Discectomy: Spinal Decompression

Discectomy: Spinal Decompression

What is a Discectomy?

Discectomy or microdiscectomy is the removal of a part of an intervertebral disc or the entire disc that is putting pressure or irritation on the spinal nerve(s) offering relief from chronic, often debilitating, back or neck pain. The success rate for discectomy/microdiscectomy spine surgery is generally high, with one extensive medical study showing good or excellent results overall for 80-90% of people who have the procedure. Statistics do show that somewhere between 5% and 10% may suffer a recurrent disc herniation, either within a few months or many years later.

This procedure can be performed minimally invasive, called a microdiscectomy, through a small incision in the patient’s back. Utilizing several tubes, the physician will dilate the surgical area, being careful to avoid excessive cutting or tearing of the surrounding muscles and tissue. Unlike traditional open surgery, the minimally invasive lumbar laminectomy allows physicians to complete the entire procedure through a smaller incision, avoiding the additional trauma associated with larger incisions.

To help you understand the procedure, the indications, risks, perioperative care, and the overview of the procedure are briefly described below.

Who is a candidate for Discectomy?

Discectomy is performed in patients who have chronic back or neck pain that has not been eased by plenty of rest, medications, or nerve root blocks or injections, and those who developed progressive neurological signs and symptoms such as weakness of any extremity and numbness. Other symptoms that may be treated with a discectomy include:

  • Chronic arm or leg pain – In addition to localized pain at the site of the compressed nerve in your back, you may also experience radiating or shooting pain in your extremities. If your spine condition is in your cervical spine (neck), you may experience pain in your arm and shoulder. If the compressed nerve is in your lower back, you might experience radiating pain down your buttock and leg.
  • Numbness or tingling – This is often accompanied by pain in your arm or leg, you may experience a tingling or numbness that extends to your farthest extremities, such as your hand or foot. However, some people may only experience numbness or tingling without the radiating pain.
  • Weakness that occurs during daily activities – If the compressed nerve is unable to send strong signals to your surrounding muscles, you may experience weakness in the arm and hand or leg and foot.

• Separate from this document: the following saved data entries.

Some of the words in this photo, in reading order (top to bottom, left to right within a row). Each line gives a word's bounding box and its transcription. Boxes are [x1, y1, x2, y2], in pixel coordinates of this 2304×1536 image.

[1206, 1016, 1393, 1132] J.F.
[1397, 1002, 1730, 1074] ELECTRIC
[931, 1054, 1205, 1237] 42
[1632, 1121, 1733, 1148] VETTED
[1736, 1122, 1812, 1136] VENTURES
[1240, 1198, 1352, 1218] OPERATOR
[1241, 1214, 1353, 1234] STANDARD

Common spine conditions treated by laminectomy include:

  • Bulging discs
  • Herniated discs
  • Degenerative disc disease
  • Pinched nerve
  • Sciatica

Surgery will be deemed necessary for emergency situations like cauda equina syndrome (compression of the nerve bundle at the lower part or base of the spinal cord). Signs and symptoms of cauda equina syndrome may include any or all of the following:

  • Presence of bladder or bowel dysfunction – Bladder and bowel dysfunction constitutes a medical emergency. These symptoms require immediate attention because it may mean nerve damage or compression. It is vital that bowel or bladder problems are appropriately managed, because being unable to empty your bowel or bladder could lead to infections or sepsis, as well as bladder infections that can lead to kidney damage.
  • Development of neurological issues – Neurological issues such as loss of sensation, weakness, or numbness in the lower extremities may denote cauda equina syndrome.
  • Sexual Dysfunction – Some of the nerves on the base of the spine provide sensation and control to the genital regions. When sexual dysfunction happens, the may be squashed or trapped. Compression or squashing of these nerves may cause numbness or pain and difficulty with sexual function.

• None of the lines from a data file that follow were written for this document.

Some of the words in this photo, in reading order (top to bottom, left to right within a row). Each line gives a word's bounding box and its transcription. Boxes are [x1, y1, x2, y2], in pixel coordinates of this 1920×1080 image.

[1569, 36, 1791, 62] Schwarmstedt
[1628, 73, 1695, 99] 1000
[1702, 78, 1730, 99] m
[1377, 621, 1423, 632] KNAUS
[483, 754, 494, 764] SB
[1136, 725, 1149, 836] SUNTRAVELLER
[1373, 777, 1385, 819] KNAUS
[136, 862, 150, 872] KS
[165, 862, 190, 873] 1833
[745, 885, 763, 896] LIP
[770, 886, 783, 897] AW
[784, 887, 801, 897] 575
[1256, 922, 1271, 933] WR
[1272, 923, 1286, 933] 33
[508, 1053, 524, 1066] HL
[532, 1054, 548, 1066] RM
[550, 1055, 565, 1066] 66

What are the Benefits of Discectomy?

Most patients feel better soon after discectomy. Some individuals recover within 1 to 3 months. In general, the benefits of discectomy include:

  • Less Pain – Discectomy decompresses the area of irritation and nerve compression which results in decreased pain from a pinched nerve.
  • Relief of leg or foot pain and arm pain
  • Reduction of numbness or weakness in upper and lower extremities
  • Improvement in one’s quality of life – After discectomy, you should be able to walk, stand or sit for long periods with ease

Risks Associated with Discectomy

No surgery is without risks. General complications may include any of the following:

  • Bleeding – In discectomy, bleeding is usually minimal.
  • Infection – All surgeries predispose a patient to infection. The risk of having an infected surgical wound is less than 1%. To avoid this, patients may be given a dose of antibiotics.
  • Nerve Injury – To expose the affected disc, the nerve needs to be moved slightly away from the site. In doing this, a very small chance of physical damage to the nerve is a possibility. Injury to the nerve can lead to a problem in the nerve function, as well as pain and signs of neurologic symptoms.
  • Deep Vein Thrombosis (DVT) – This is a risk of any surgical procedure. DVT occurs due to long periods of bed rest or immobility after any procedure. When immobile, the blood flows slower in the vein which can cause clotting.
  • Recurrent Disc Prolapse – There is a 5% chance that a piece of the disc may prolapse through the same area. It may happen any time after the surgery but is most common during the first few weeks.
  • Back Pain – There may be some on-going pain on the back after the surgery.
  • Scar Tissue – Scar tissue can develop in or around the nerve after surgery. It’s not common, but it can mimic the signs and symptoms of disc prolapse.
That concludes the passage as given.